VIEWING THE MPS MODEL THROUGH THE R.A.C.E. MODEL

The R.A.C.E. Model allows organizations to reconstruct the customer experience and identify the factors that provide the most significant impact. The R.A.C.E. Model considers what can be reduced, added, consolidated or eliminated at each MPS factor, ensuring optimum brand experience.

  • Reduce: What elements of the MPS factor can be reduced to allow greater focus on features that generate more engagement and differentiation? Exploring how to reduce the number of messages, processes or structures within the customer at-purchase moment journey will ensure those that remain are effective.
  • Add: In reviewing the MPS Model, check what is missing in the process to truly deliver a differentiated and unique customer experience and offer the potential to provide growth and sales.
  • Consolidate: Most organizations have grown through line extensions or by building on current processes and infrastructure. Which of these extensions and methods can be consolidated to identify efficiencies and reduce the complexity of the customer’s at-purchase journey?
  • Eliminate: As it’s more straightforward to add parts of an existing MPS Model than to eliminate them, this filter is the hardest to undertake.
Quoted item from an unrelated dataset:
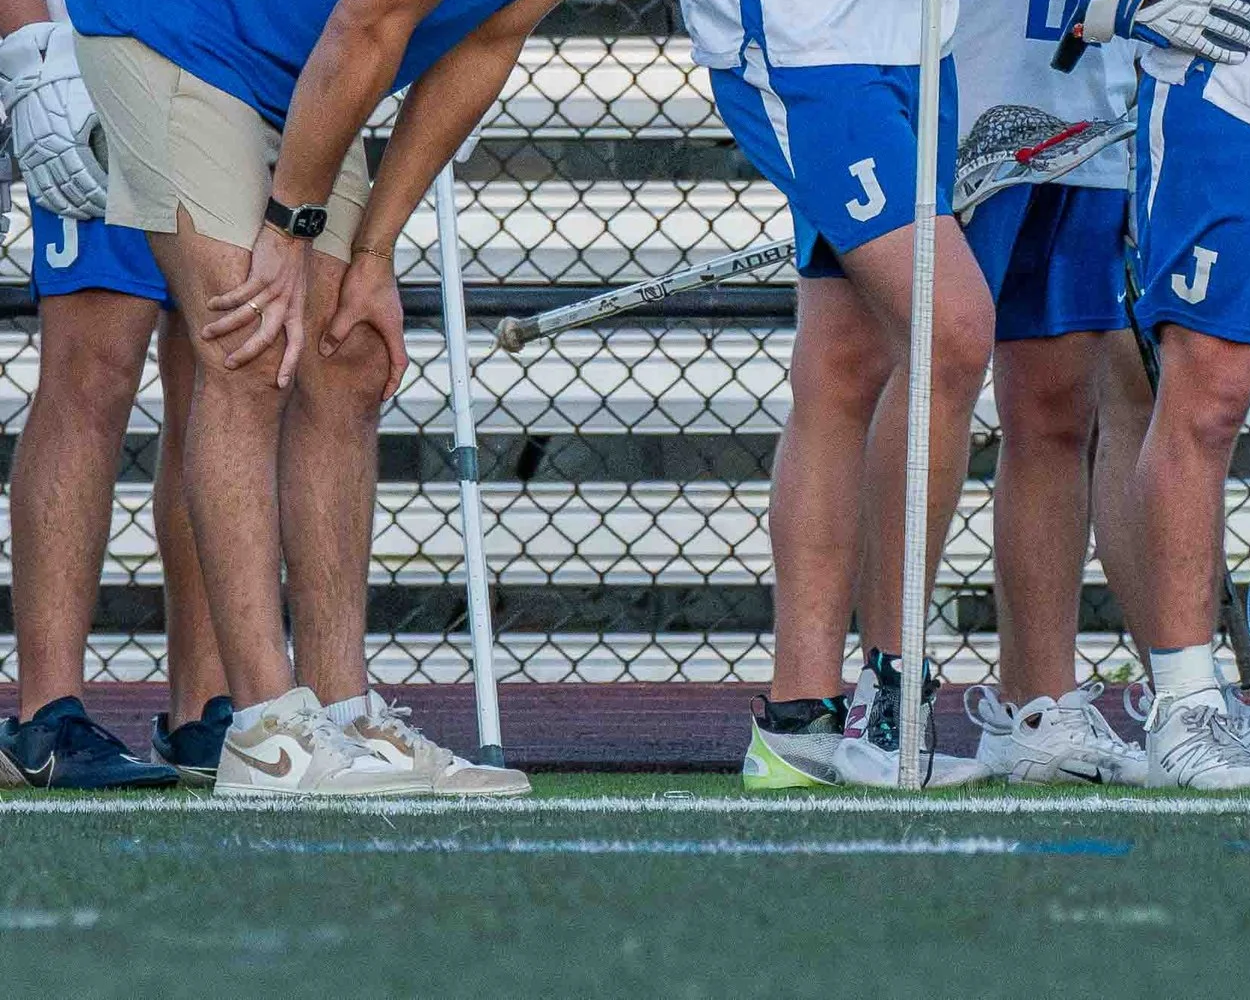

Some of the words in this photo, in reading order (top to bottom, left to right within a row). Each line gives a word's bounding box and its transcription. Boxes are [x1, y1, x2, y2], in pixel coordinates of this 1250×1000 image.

The elimination of elements which do not contribute to the value of a brand allows the fundamental salient value proposition to be noticed and leveraged.

CONCLUSION

The MPS and R.A.C.E. Model are practical tools under the ThinkBlink Process umbrella. They create compelling at-purchase moments in a product or retail environment. The ability to deconstruct and define a new version of the path to purchase using these models ensures sustainable differentiation and relevancy for the brand.